Last but not least, the functional implications of most asthma loci still remain unknown. Therefore, further studies are needed to increase our understanding of the impact of these on genes and cellular function, and their contribution on the molecular mechanisms underlying asthma pathophysiology (22). These have been proposed to be disentangled by means of approaches combining GWAS data with information related to biological pathways or processes (138, 139). Nonetheless, only one GWAS-based pathway enrichment analysis of asthma has been performed to date (140).
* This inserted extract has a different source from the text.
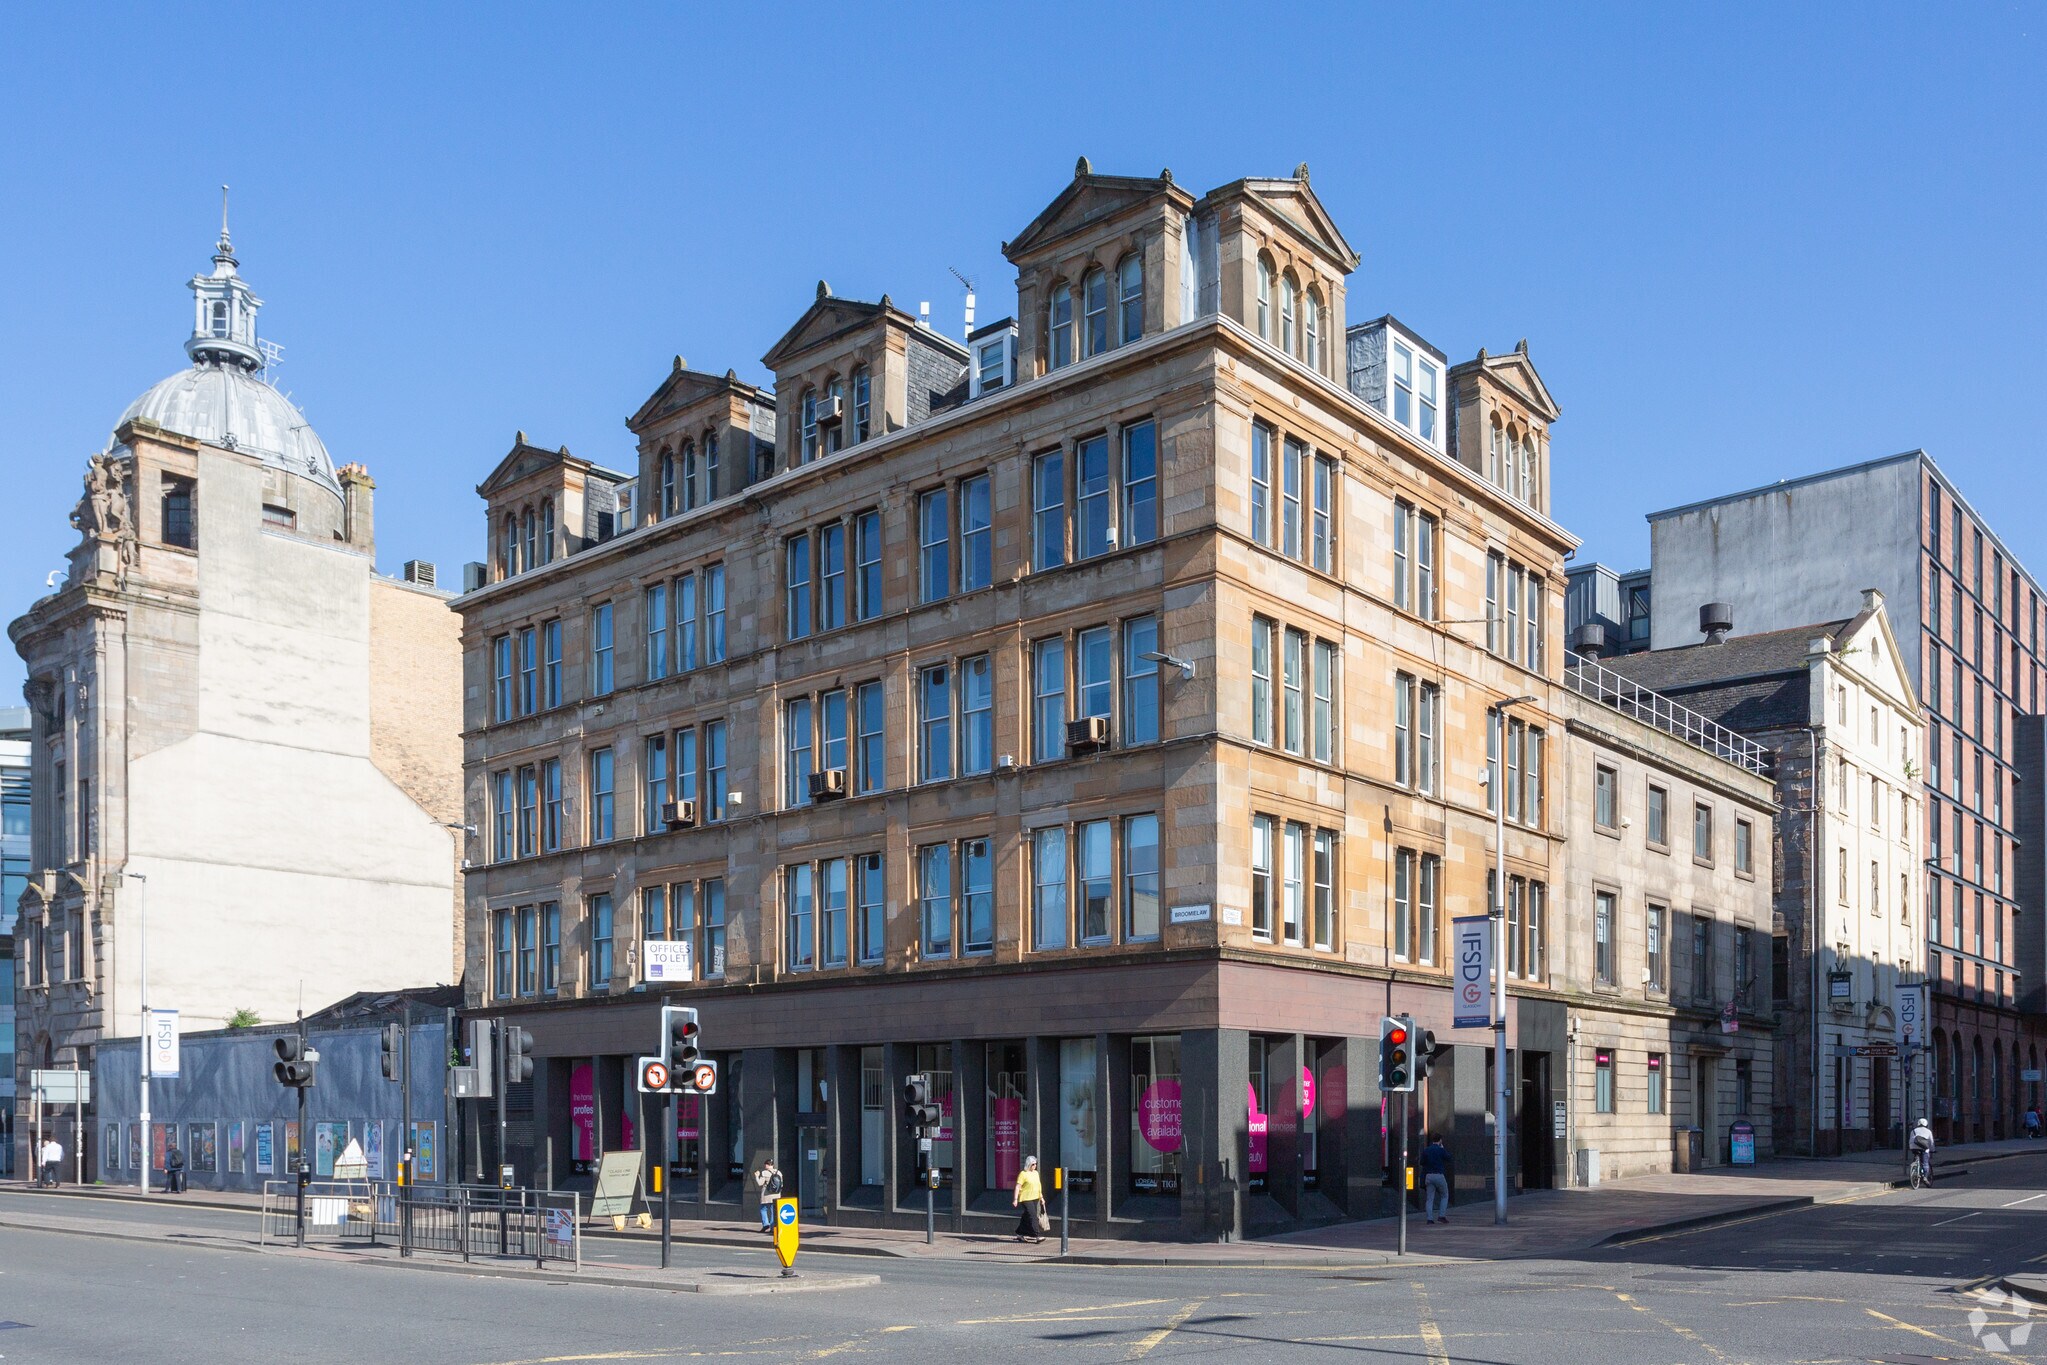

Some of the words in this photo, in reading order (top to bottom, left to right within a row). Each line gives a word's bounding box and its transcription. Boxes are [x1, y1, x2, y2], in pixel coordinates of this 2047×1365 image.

Because of all of this, our current knowledge of asthma genetics hampers our capacity to predict disease progression and treatment response, preventing its use in the clinical practice (125, 127). As a result, there is still a long way to use this knowledge and their integration with lifestyle and environment exposures (127, 141, 142) to develop precision medicine strategies for accurate prevention, diagnosis, or treatment of asthma (23).

Other Omic Studies and Integration of Multiomics

Other omics technologies, apart from genomics, are powerful tools to increase the current knowledge about asthma pathophysiology (143, 144). These are focused on data from a wide variety of biological sources: genomic modifications (epigenomics), gene transcription (transcriptomics), protein levels and chemical modifications (proteomics), endogenous and exogenous metabolites (metabolomics), and the microbiome (metagenomics), among others (23, 126, 127, 145, 146). The application of omics approximations in asthma is still incipient compared to other diseases (23, 147). Still, several studies have been performed in asthma in the last years as it was reviewed elsewhere (23, 127, 148, 149).

To our knowledge, a total of 26 asthma studies using other omics approaches have been published in the last 2 years (Supplementary Table 3). Just like recent GWAS of asthma, these studies have been equally focused on childhood and adulthood asthma since 2016. Moreover, most of them have been carried out in patients of European descent. A total of 18 studies focused on asthma susceptibility or severity (150167); three focused on the ICS response (168170); two explored the interactions with environmental factors (171, 172); and three inspected the overlap with other pulmonary diseases (173175). Nonetheless, other experts have discussed the recent omics advances in asthma in this issue except for those of transcriptomics. Therefore, we focused on summarizing the main findings of studies made using this approach.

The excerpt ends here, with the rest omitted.